Wayne ran the San Francisco Marathon on Sunday. He ran it last year, but because I hopped a last-minute plane to Chile and Argentina, I missed his first-ever 26-miler. Needless to say, I had some making up to do this year. The alarm clock went off at 5 o'clock the morning of the race, and I groggily assumed my role of chauffeur and post-race food supplier. We were in the car by 5:20, and he was at the start line ready to go by 5:45. Again, this is a.m. On Saturday I put some thought into what I might pack for him to eat after crossing the finish line. There's no lack of cyber-drinks or muscle bars at these sorts of things, but I thought he might like something homemade. I've done the granola bar thing to death around here, so that was out. But I remembered a breakfast bean cookie recipe that made the rounds a while back (I came across them on Nicole's beautiful the habit of being site via Definitely Not Martha), and I used that recipe as a jumping off point. The cookies use pureed white beans in the dough, lots of oats, and whole wheat flour. After a bit of experimenting, I had a baggie full of palm-sized, sesame coated, bun-shaped cookies flavored with aniseed, lemon zest, olive oil and chopped dates. The cookies are beautifully tender, licorice-scented, with a bit of crunch from the sesame seed coating.
A couple technical notes: I tried a few different things here, with varying degrees of success. I baked off a sheet of small drop-style cookies first. They tasted good, but the texture was off, they weren't attractive, and they dried out a bit during baking. The second round was much much better and the key was shape and size. I decided to go for a much larger cookie (3x the original), shaped into balls and fully coated with sesame seeds. They were great, and you could certainly slice them in half for a satisfying snack. I made a hodge-podge of other departures from the original recipe - I decided to use olive oil instead of butter, and thought dates would be interesting as well. And for those of you who are skeptical about beans in your cookies - you'd never know they were in there.

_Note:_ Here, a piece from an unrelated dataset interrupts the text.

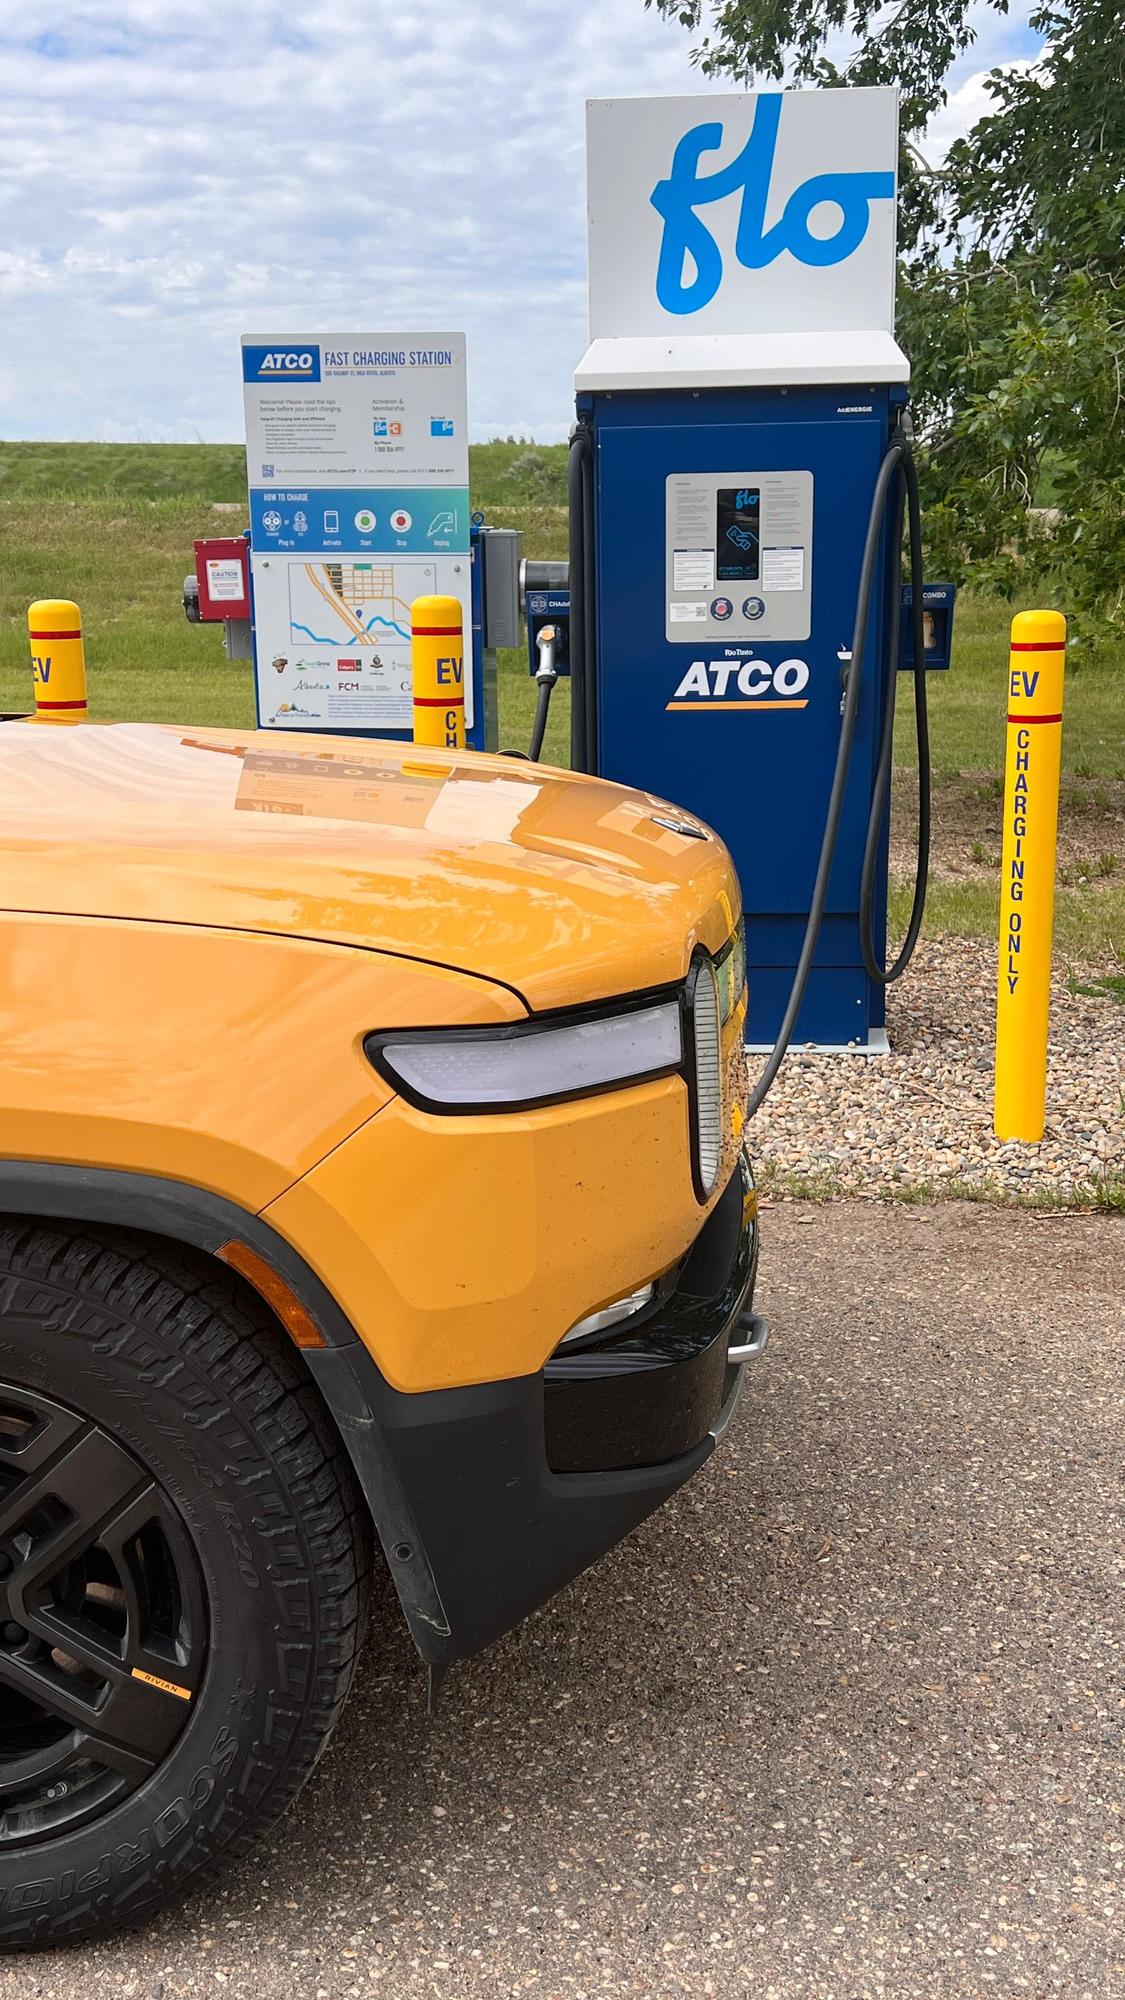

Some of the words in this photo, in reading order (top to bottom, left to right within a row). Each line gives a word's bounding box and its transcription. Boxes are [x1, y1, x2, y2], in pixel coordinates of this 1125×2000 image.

I should also mention the inspiration for the flavors at play here. I tasted a cigar cookie last week at the new Blue Bottle Cafe at the SFMOMA. It was sesame-coated, tender, with a hint of what I thought was aniseed, but was actually absinthe. I wrote "aniseed/sesame" on a post-it note when I got home and slapped it on my desk. There it was staring at me when I sat down to think about these cookies.
Marathon Cookies
My guess is that you could substitute spelt flour or all-purpose flour if you don't have whole wheat pastry flour on hand, or have difficulty finding it.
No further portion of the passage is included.